▶ **WHAT IS REQUIRED**: If a record holds a picture, leave the picture out; return everything else exactly.

▶ **DATA LISTING**:
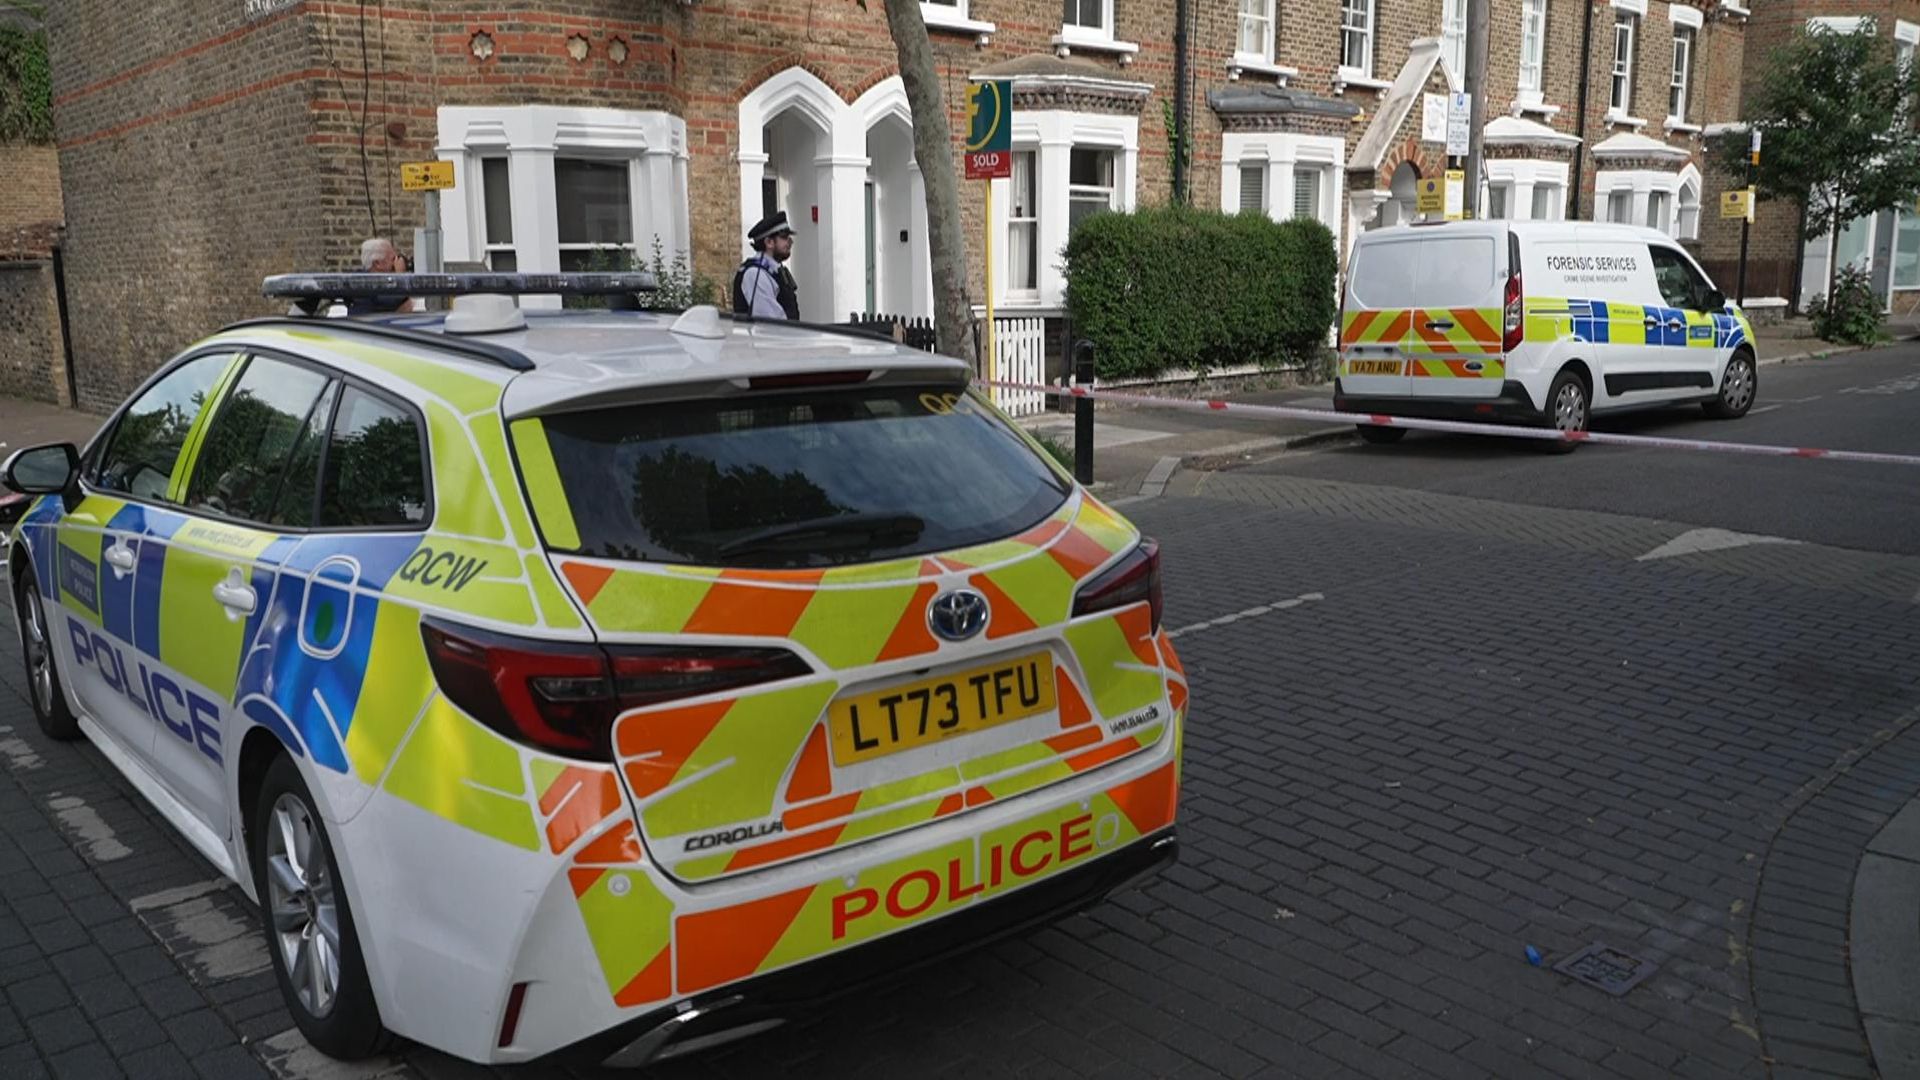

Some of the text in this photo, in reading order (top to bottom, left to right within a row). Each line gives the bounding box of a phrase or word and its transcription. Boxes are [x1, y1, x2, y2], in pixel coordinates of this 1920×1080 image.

[973, 152, 999, 168] SOLD
[1547, 257, 1637, 271] FORENSIC SERVICES
[1377, 361, 1397, 373] ANU
[400, 546, 488, 592] QCW
[67, 615, 225, 770] POLICE
[850, 682, 960, 752] LT73
[968, 661, 1040, 720] TFU
[684, 821, 784, 853] COROLLA
[832, 813, 1093, 941] POLICE
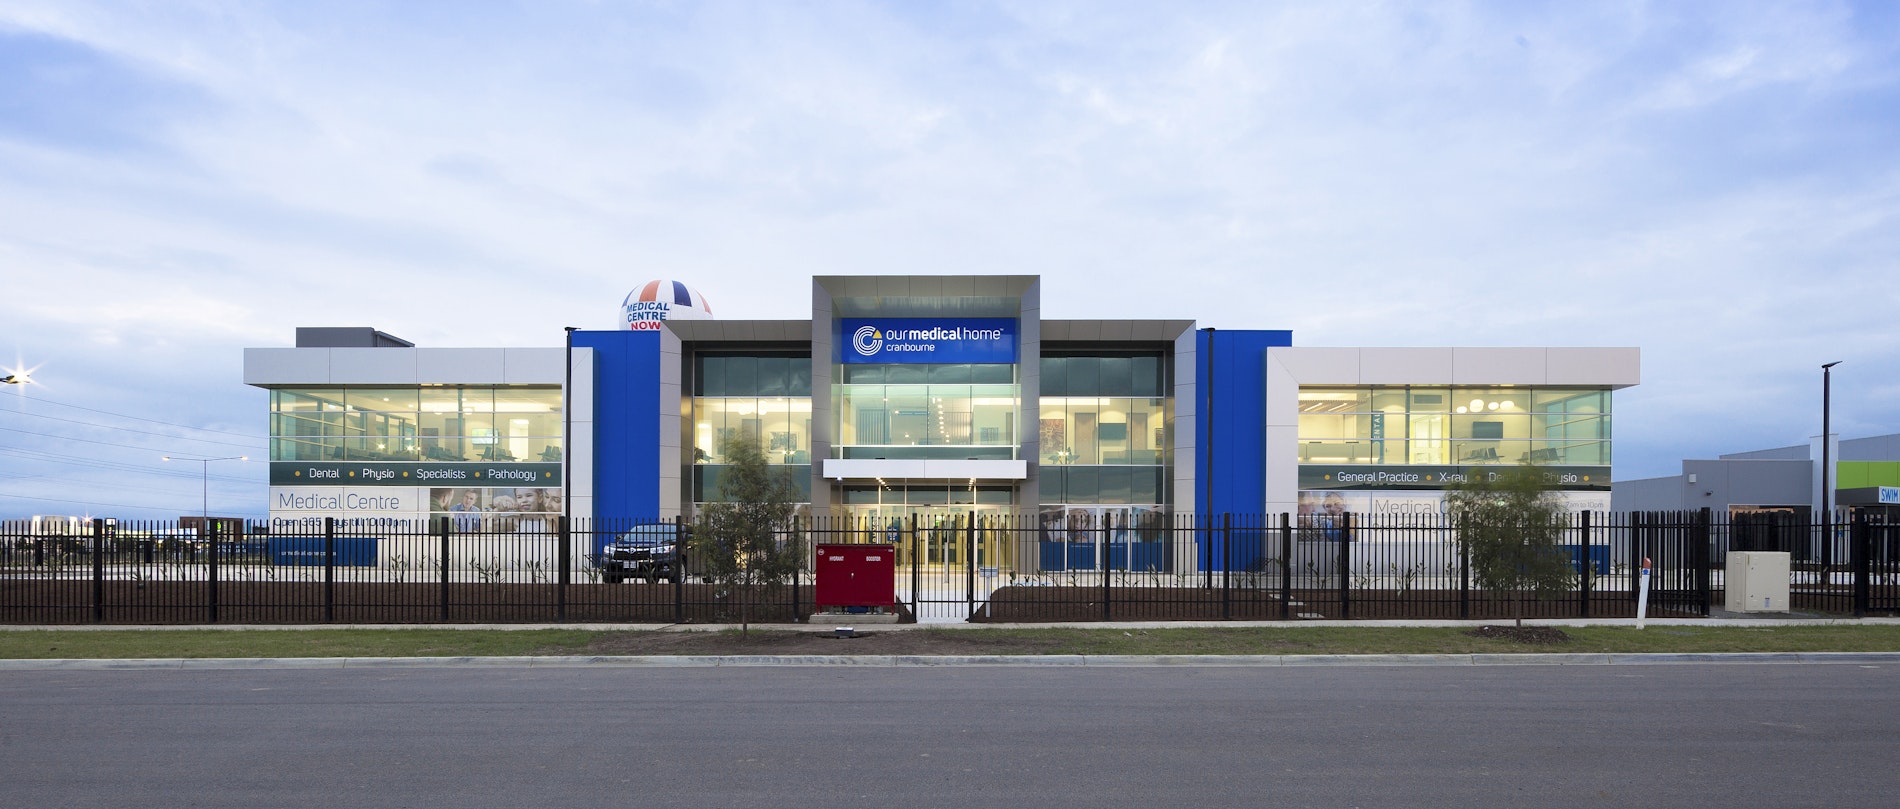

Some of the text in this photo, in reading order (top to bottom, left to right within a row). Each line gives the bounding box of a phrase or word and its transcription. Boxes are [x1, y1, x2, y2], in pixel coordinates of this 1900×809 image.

[627, 302, 670, 312] MEDICAL
[627, 311, 667, 322] CENTRE
[631, 321, 661, 331] NOW
[886, 343, 935, 352] cranbourne
[309, 468, 537, 482] Dental Physio Specialists Pathology
[1337, 471, 1377, 482] General
[1378, 471, 1419, 482] Practice
[1439, 472, 1468, 484] X-ray
[279, 493, 400, 510] Medical Centre
[1881, 488, 1899, 502] SWIM
[1375, 499, 1437, 515] Medical
[273, 516, 299, 529] Open
[301, 516, 322, 527] 365
[325, 516, 349, 529] ays
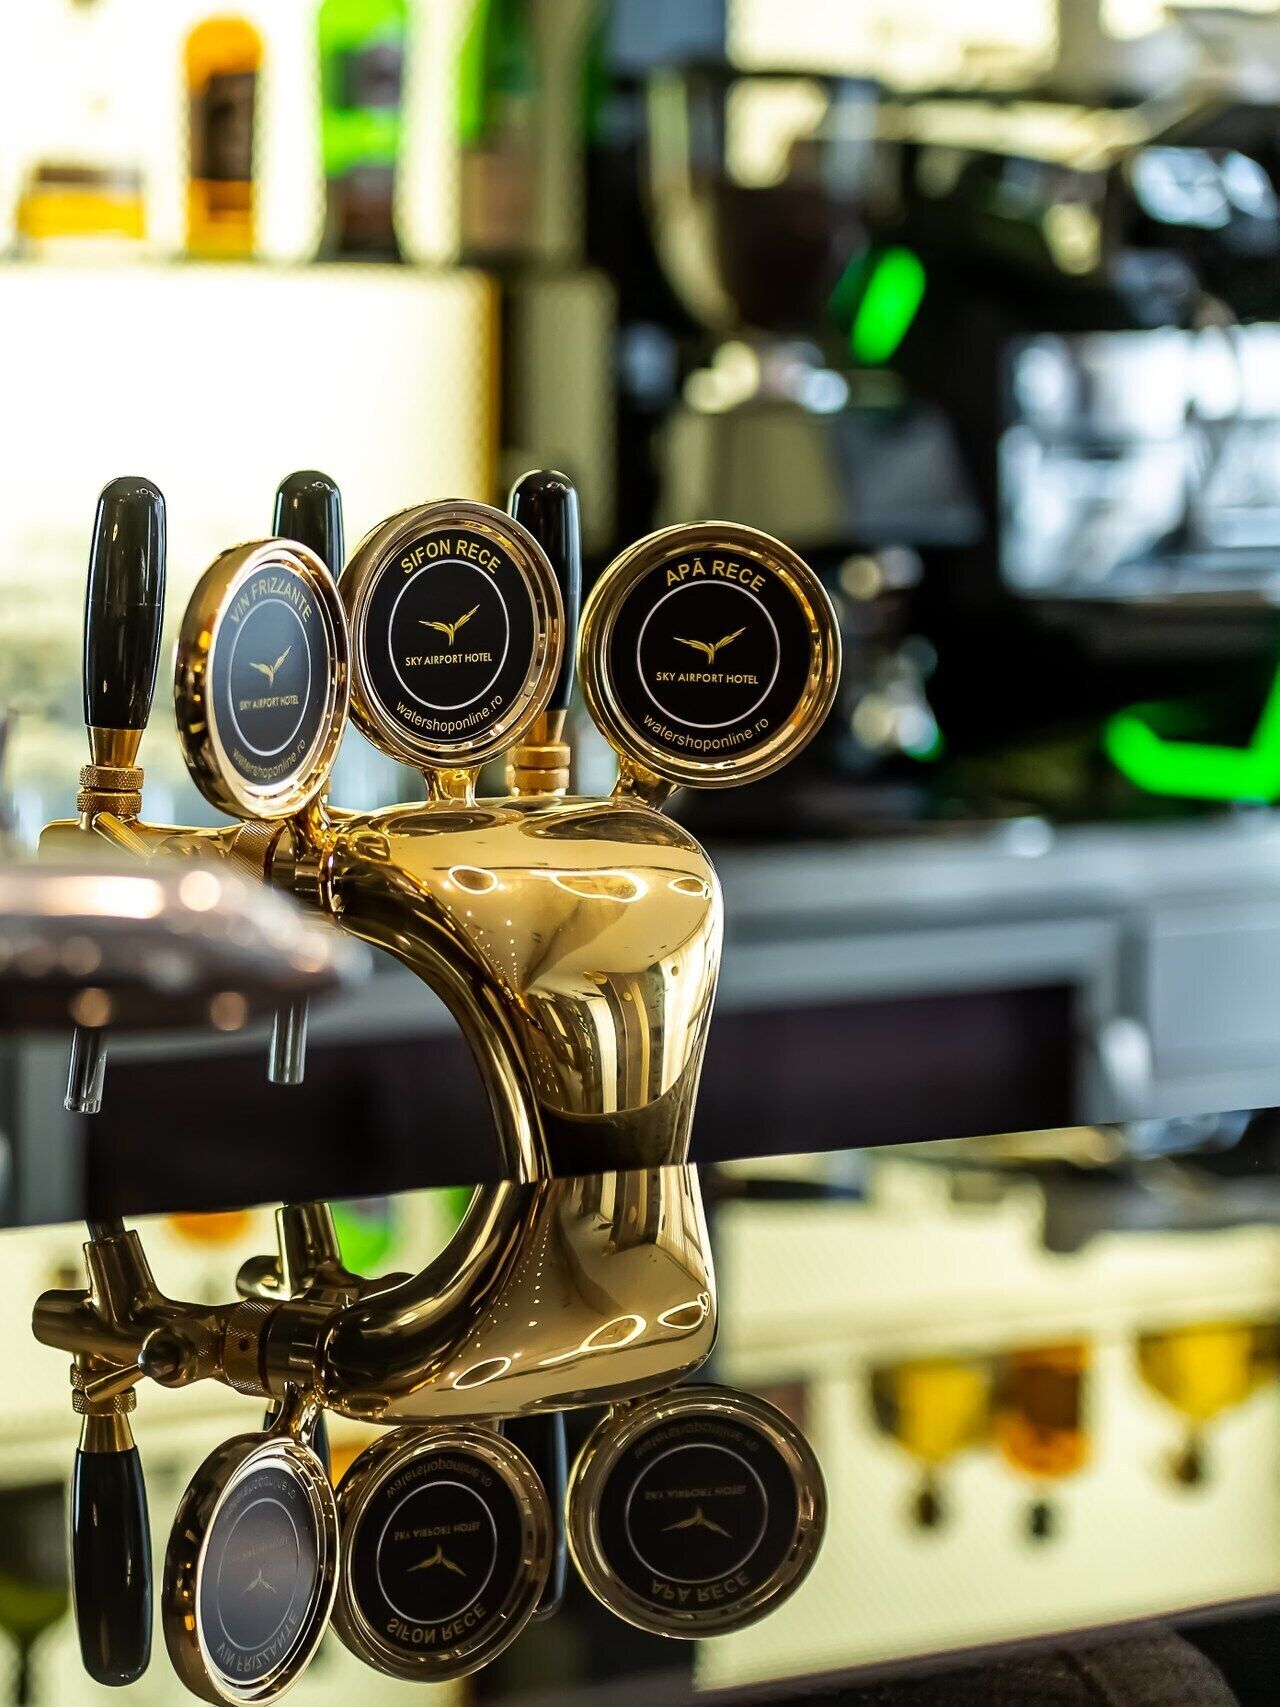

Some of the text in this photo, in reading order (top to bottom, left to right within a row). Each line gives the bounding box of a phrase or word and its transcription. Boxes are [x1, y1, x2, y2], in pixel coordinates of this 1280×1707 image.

[400, 539, 501, 575] SIFON RECE
[712, 560, 766, 592] RECE
[230, 576, 313, 624] VIN FRIZZANTE
[405, 652, 492, 667] SKY AIRPORT HOTEL
[656, 671, 759, 685] SKY AIRPORT HOTEL
[239, 694, 299, 711] SKY AIRPORT HOTEL
[396, 694, 503, 734] watershoponline.ro
[643, 713, 769, 751] watershoponline.ro
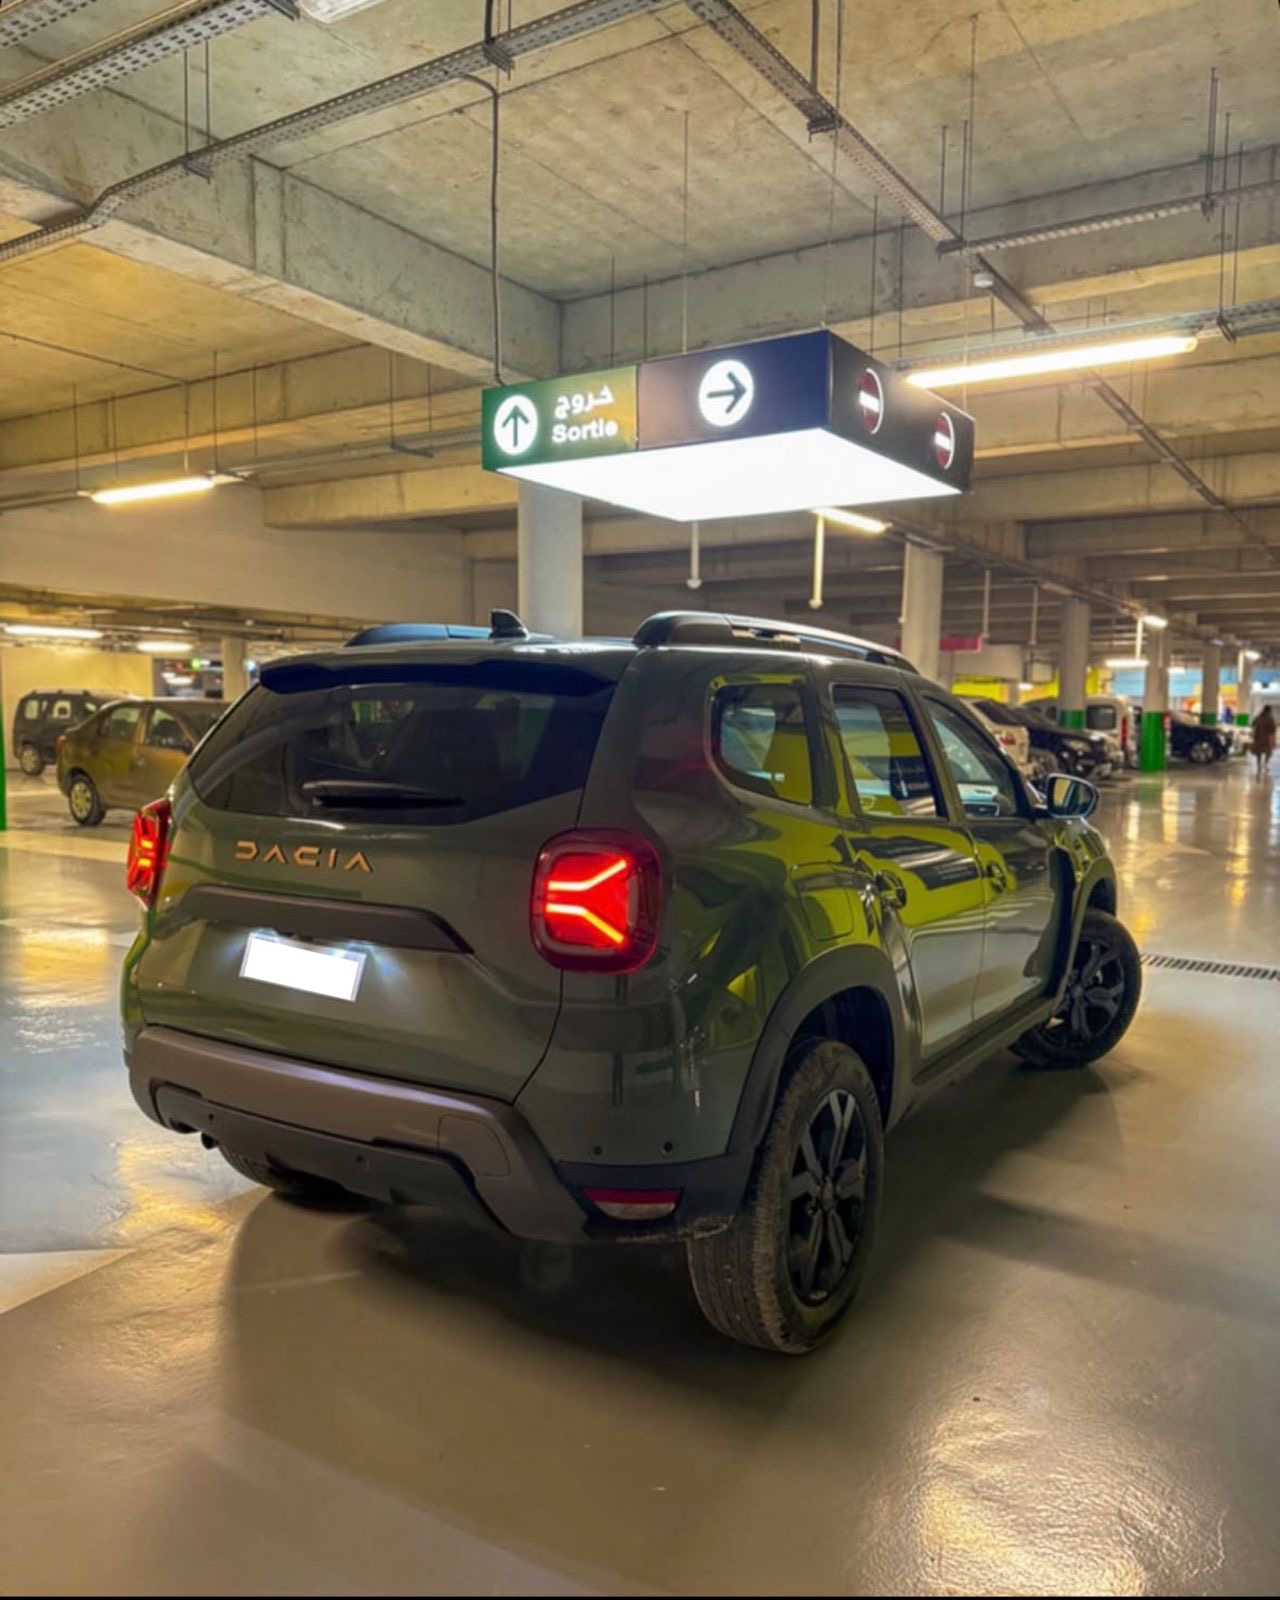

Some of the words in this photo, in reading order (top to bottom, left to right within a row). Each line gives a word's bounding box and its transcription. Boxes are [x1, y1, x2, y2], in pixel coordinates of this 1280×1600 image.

[554, 384, 615, 420] خروج
[552, 418, 619, 443] Sortie
[235, 840, 373, 872] DACIA

▶ **ANSWER FOR THIS EXERCISE**:
Some of the text in this photo, in reading order (top to bottom, left to right within a row). Each line gives the bounding box of a phrase or word and its transcription. Boxes are [x1, y1, x2, y2], in pixel coordinates of this 1920×1080 image.

[973, 152, 999, 168] SOLD
[1547, 257, 1637, 271] FORENSIC SERVICES
[1377, 361, 1397, 373] ANU
[400, 546, 488, 592] QCW
[67, 615, 225, 770] POLICE
[850, 682, 960, 752] LT73
[968, 661, 1040, 720] TFU
[684, 821, 784, 853] COROLLA
[832, 813, 1093, 941] POLICE

Some of the text in this photo, in reading order (top to bottom, left to right within a row). Each line gives the bounding box of a phrase or word and its transcription. Boxes are [x1, y1, x2, y2], in pixel coordinates of this 1900×809 image.

[627, 302, 670, 312] MEDICAL
[627, 311, 667, 322] CENTRE
[631, 321, 661, 331] NOW
[886, 343, 935, 352] cranbourne
[309, 468, 537, 482] Dental Physio Specialists Pathology
[1337, 471, 1377, 482] General
[1378, 471, 1419, 482] Practice
[1439, 472, 1468, 484] X-ray
[279, 493, 400, 510] Medical Centre
[1881, 488, 1899, 502] SWIM
[1375, 499, 1437, 515] Medical
[273, 516, 299, 529] Open
[301, 516, 322, 527] 365
[325, 516, 349, 529] ays

Some of the text in this photo, in reading order (top to bottom, left to right within a row). Each line gives the bounding box of a phrase or word and its transcription. Boxes are [x1, y1, x2, y2], in pixel coordinates of this 1280×1707 image.

[400, 539, 501, 575] SIFON RECE
[712, 560, 766, 592] RECE
[230, 576, 313, 624] VIN FRIZZANTE
[405, 652, 492, 667] SKY AIRPORT HOTEL
[656, 671, 759, 685] SKY AIRPORT HOTEL
[239, 694, 299, 711] SKY AIRPORT HOTEL
[396, 694, 503, 734] watershoponline.ro
[643, 713, 769, 751] watershoponline.ro

Some of the words in this photo, in reading order (top to bottom, left to right within a row). Each line gives a word's bounding box and its transcription. Boxes are [x1, y1, x2, y2], in pixel coordinates of this 1280×1600 image.

[554, 384, 615, 420] خروج
[552, 418, 619, 443] Sortie
[235, 840, 373, 872] DACIA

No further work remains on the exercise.